WHAT IS BEING ASKED → Reproduce each record below in full, word for word, without images.

DATA SHOWN →
—————

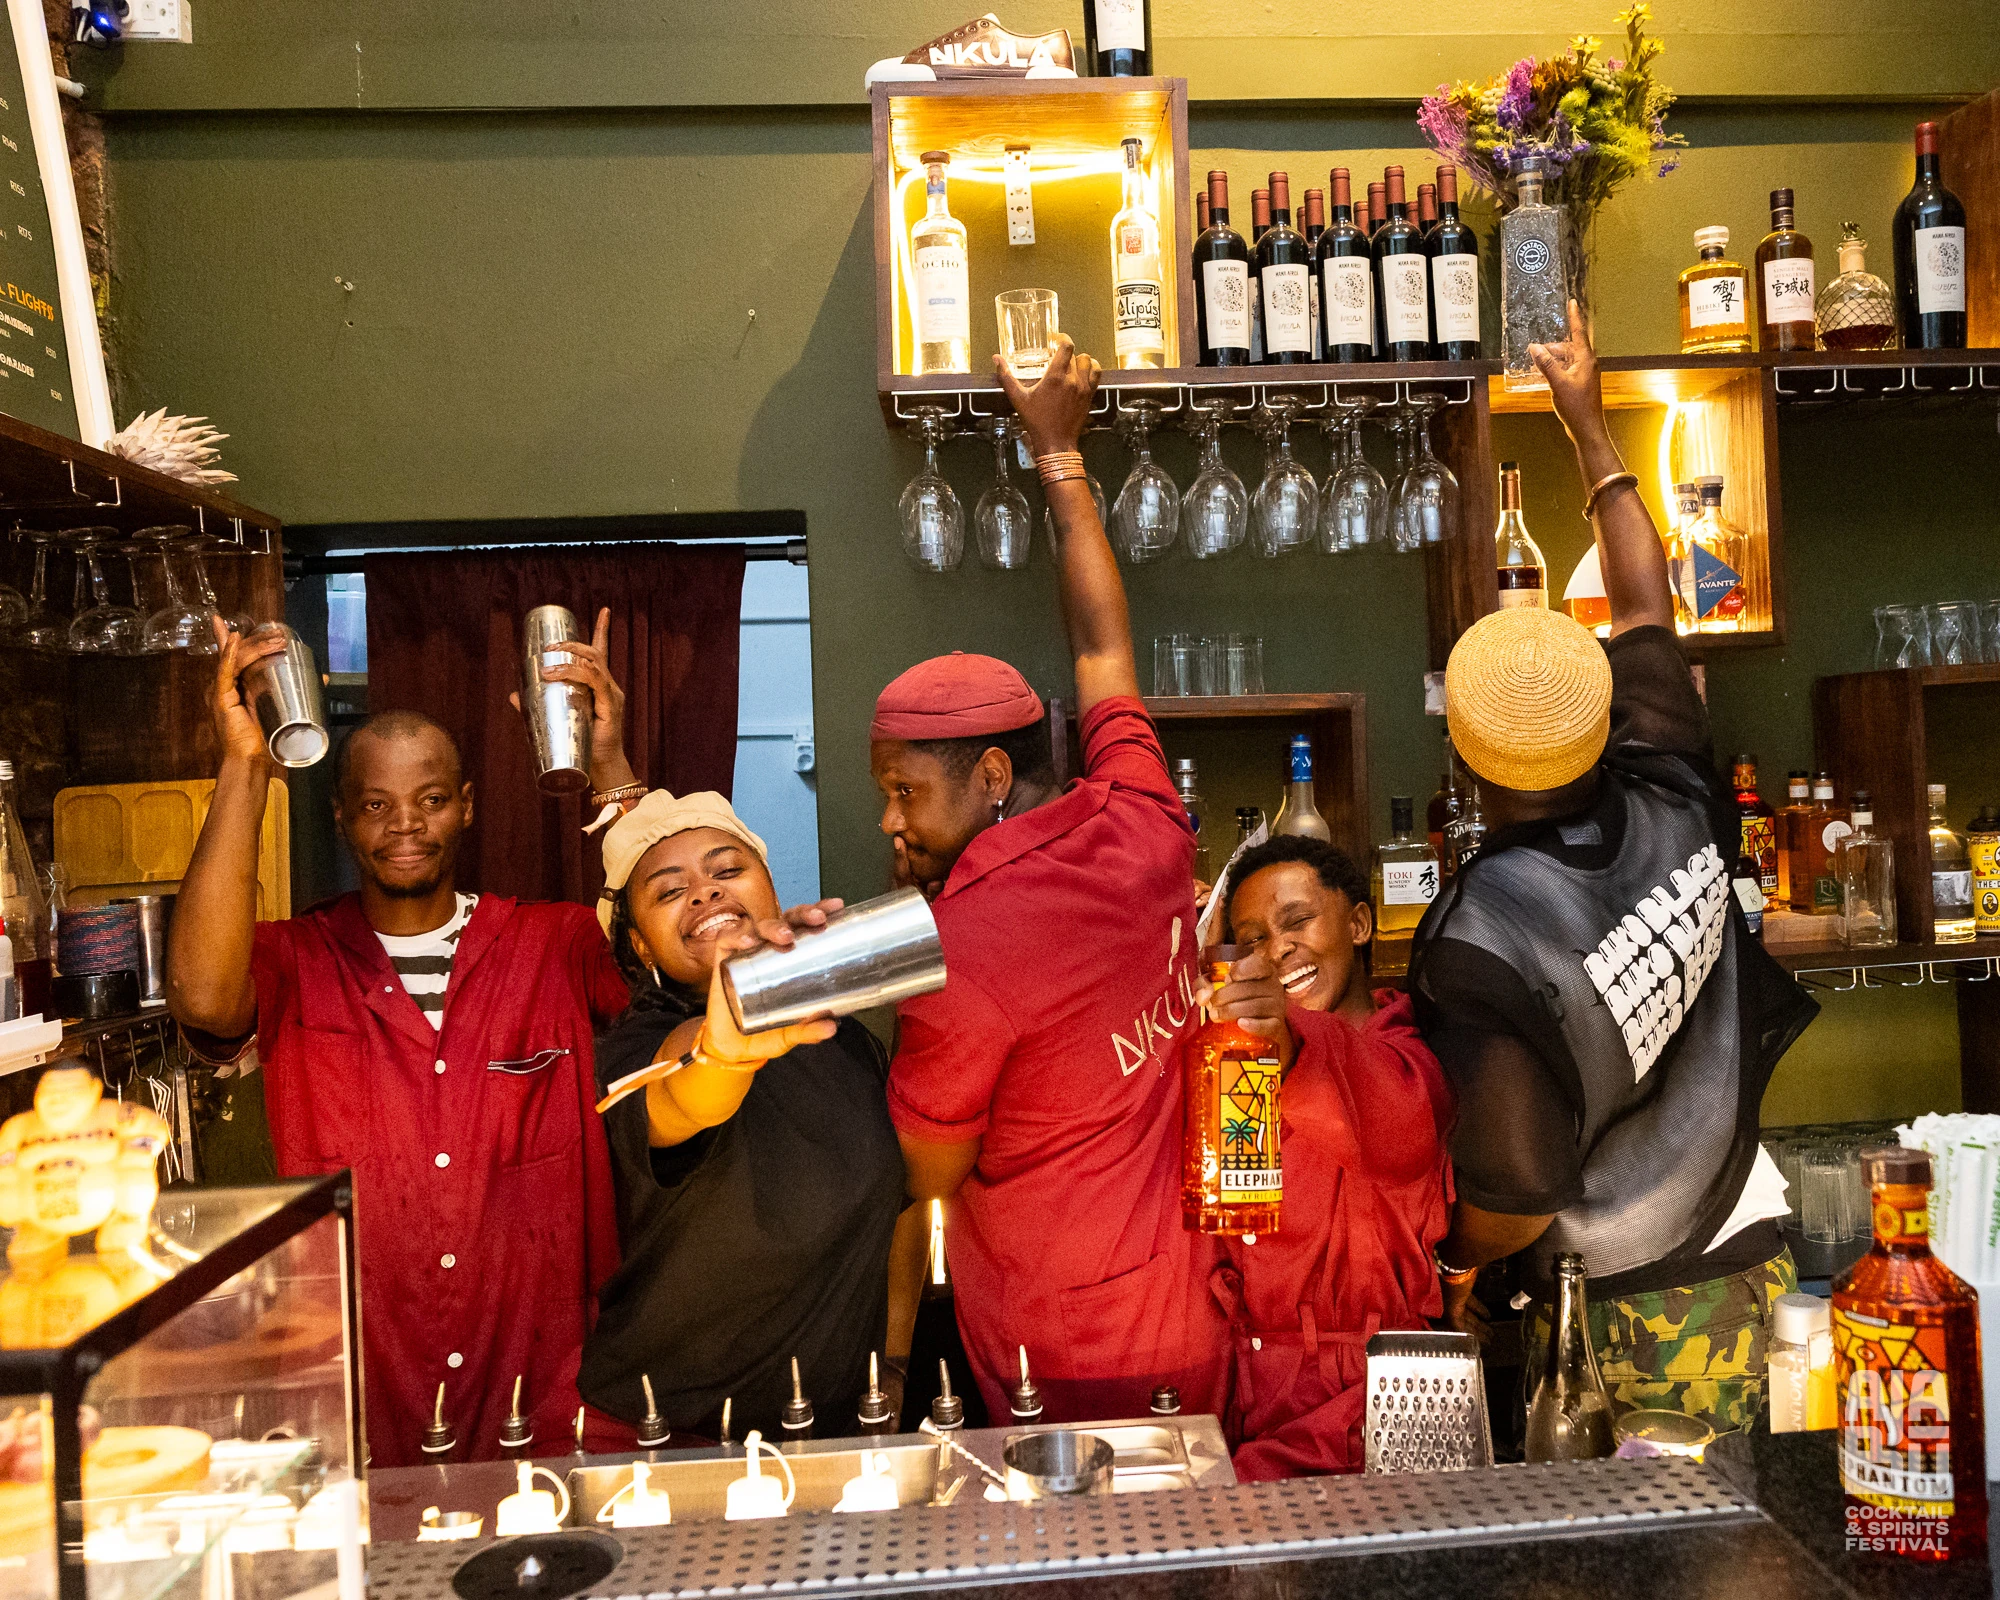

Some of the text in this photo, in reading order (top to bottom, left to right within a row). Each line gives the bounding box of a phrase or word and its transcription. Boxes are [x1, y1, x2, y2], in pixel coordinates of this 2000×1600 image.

[928, 39, 1056, 67] NKULA
[1518, 242, 1546, 257] ALBATROSS
[922, 260, 959, 269] OCHO
[1522, 261, 1544, 271] VODKA
[7, 282, 54, 322] FLIGHTS
[1699, 579, 1735, 589] AVANTE
[1388, 871, 1413, 880] TOKI
[1635, 843, 1725, 934] BLACK
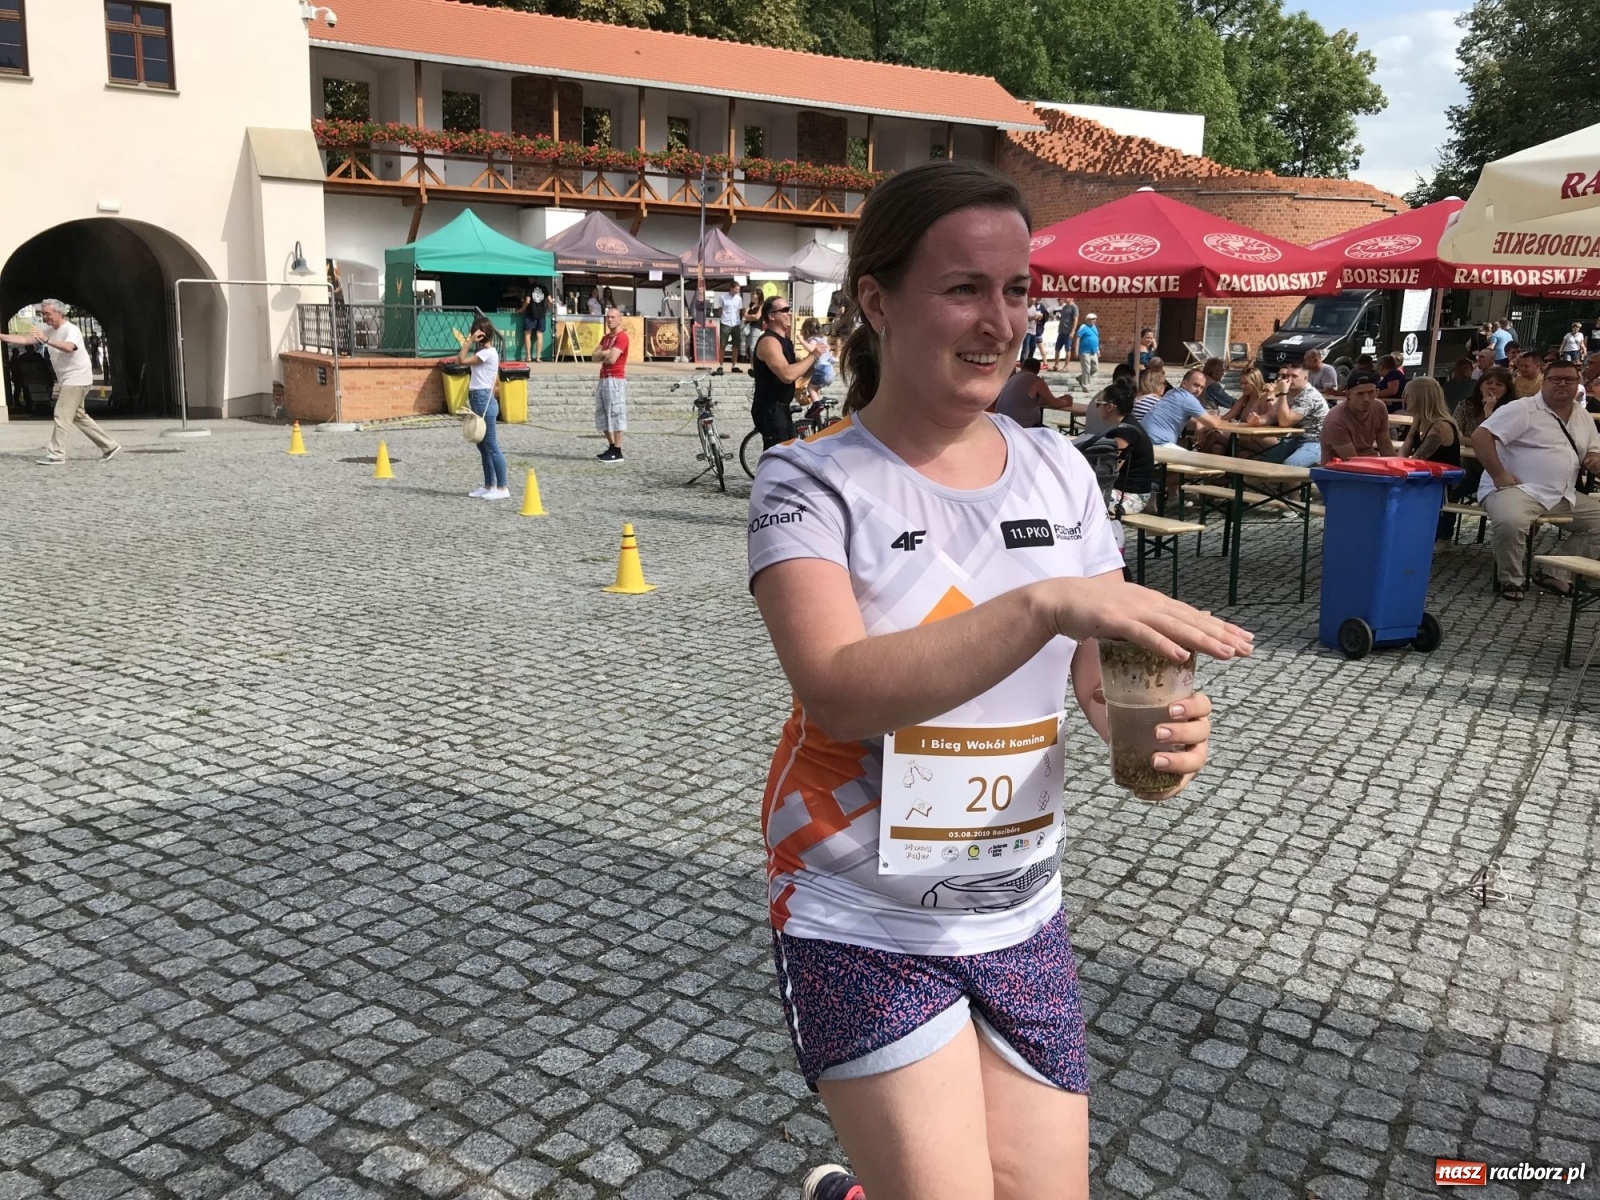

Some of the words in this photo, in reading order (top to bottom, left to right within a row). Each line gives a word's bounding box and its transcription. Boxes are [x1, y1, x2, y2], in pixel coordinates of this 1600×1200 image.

[1041, 274, 1180, 294] RACIBORSKIE
[1216, 271, 1328, 292] RACIBORSKIE
[1343, 268, 1420, 284] BORSKIE
[1453, 268, 1587, 285] RACIBORSKIE
[891, 530, 927, 551] 4F
[931, 739, 961, 752] Bieg
[966, 738, 1006, 750] Wokół
[1009, 735, 1045, 749] Komina
[965, 775, 1013, 813] 20
[948, 830, 990, 839] 03.08.2019
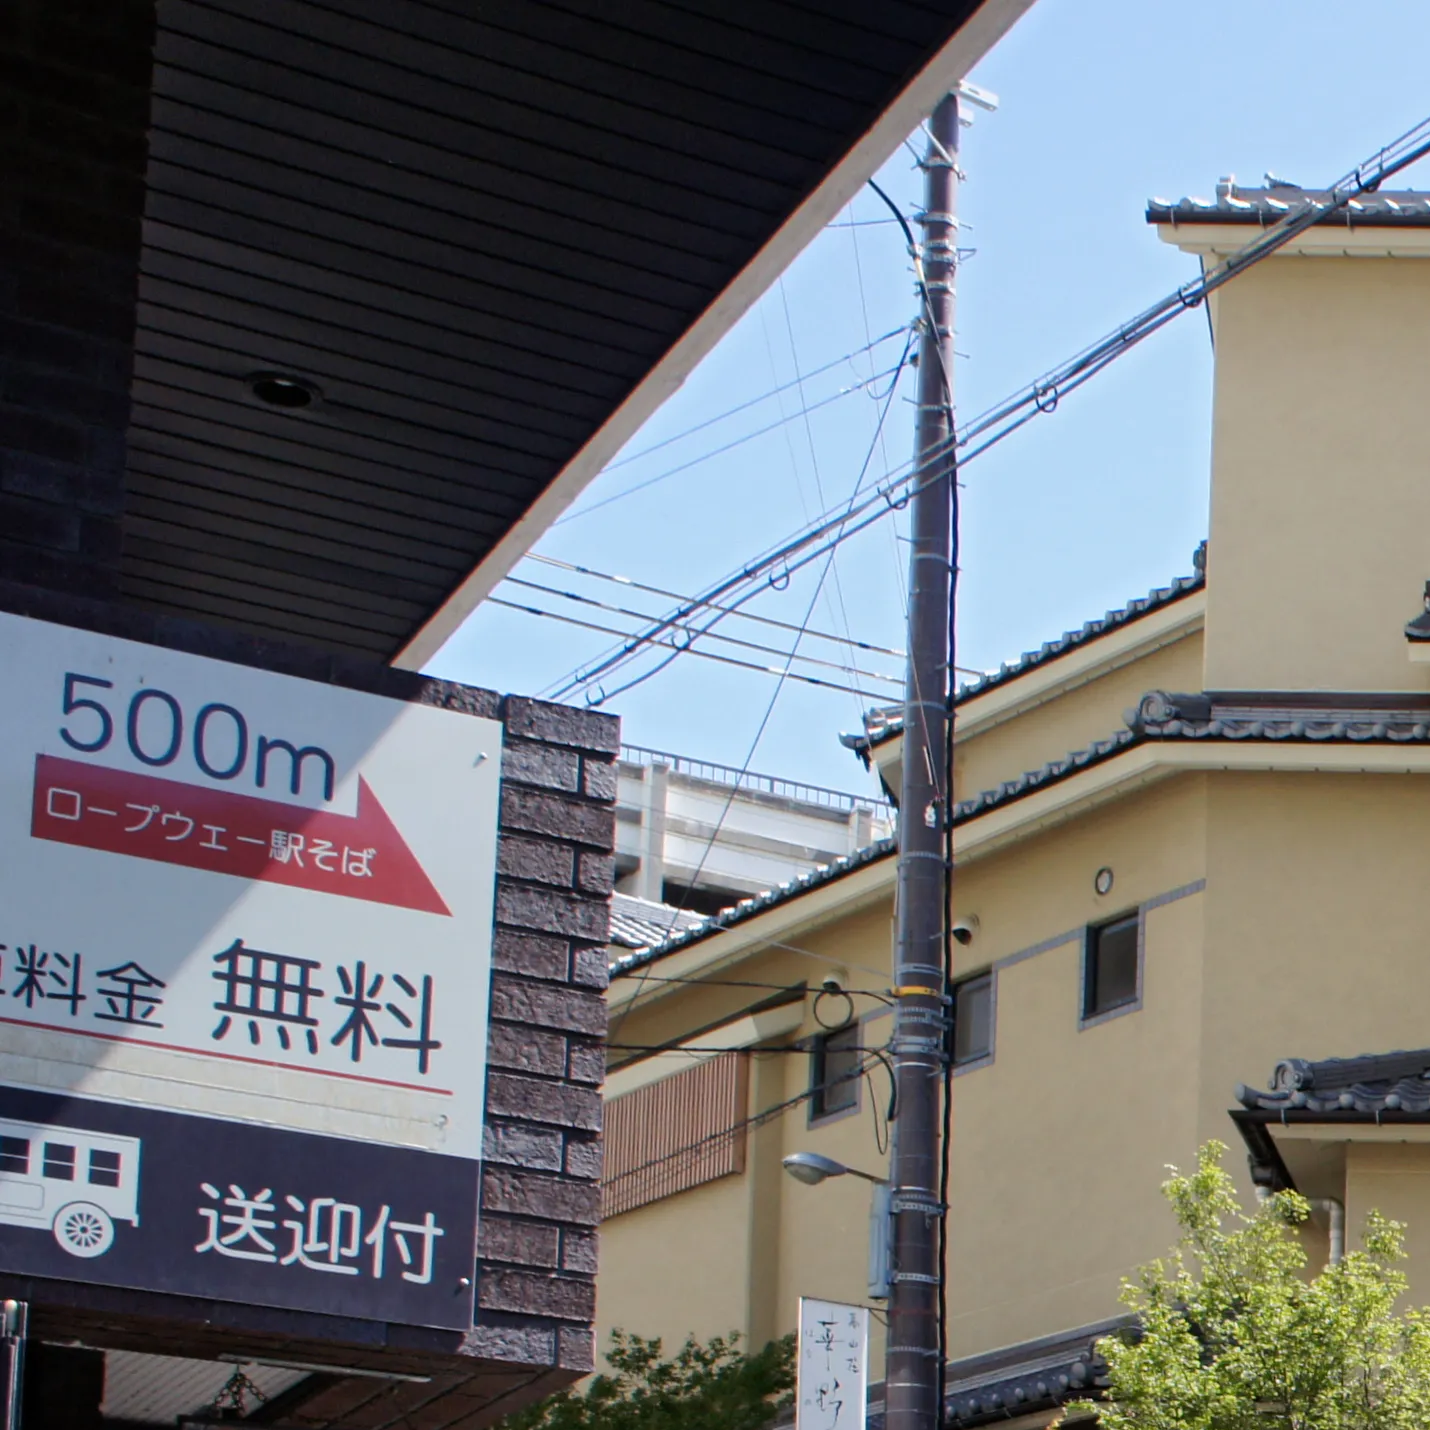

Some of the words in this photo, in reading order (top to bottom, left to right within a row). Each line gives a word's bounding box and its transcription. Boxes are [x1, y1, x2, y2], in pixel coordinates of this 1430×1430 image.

[58, 671, 336, 802] 500m
[47, 786, 377, 879] ロープウェー駅そば
[0, 943, 166, 1031] 料金
[211, 938, 442, 1075] 無料
[195, 1179, 444, 1286] 送迎付

—————

RESULT FOR THIS EXERCISE →
Some of the text in this photo, in reading order (top to bottom, left to right within a row). Each line gives the bounding box of a phrase or word and its transcription. Boxes are [x1, y1, x2, y2], in pixel coordinates of this 2000×1600 image.

[928, 39, 1056, 67] NKULA
[1518, 242, 1546, 257] ALBATROSS
[922, 260, 959, 269] OCHO
[1522, 261, 1544, 271] VODKA
[7, 282, 54, 322] FLIGHTS
[1699, 579, 1735, 589] AVANTE
[1388, 871, 1413, 880] TOKI
[1635, 843, 1725, 934] BLACK

Some of the words in this photo, in reading order (top to bottom, left to right within a row). Each line gives a word's bounding box and its transcription. Boxes are [x1, y1, x2, y2], in pixel coordinates of this 1600×1200 image.

[1041, 274, 1180, 294] RACIBORSKIE
[1216, 271, 1328, 292] RACIBORSKIE
[1343, 268, 1420, 284] BORSKIE
[1453, 268, 1587, 285] RACIBORSKIE
[891, 530, 927, 551] 4F
[931, 739, 961, 752] Bieg
[966, 738, 1006, 750] Wokół
[1009, 735, 1045, 749] Komina
[965, 775, 1013, 813] 20
[948, 830, 990, 839] 03.08.2019

Some of the words in this photo, in reading order (top to bottom, left to right within a row). Each line gives a word's bounding box and its transcription. Boxes are [x1, y1, x2, y2], in pixel coordinates of this 1430×1430 image.

[58, 671, 336, 802] 500m
[47, 786, 377, 879] ロープウェー駅そば
[0, 943, 166, 1031] 料金
[211, 938, 442, 1075] 無料
[195, 1179, 444, 1286] 送迎付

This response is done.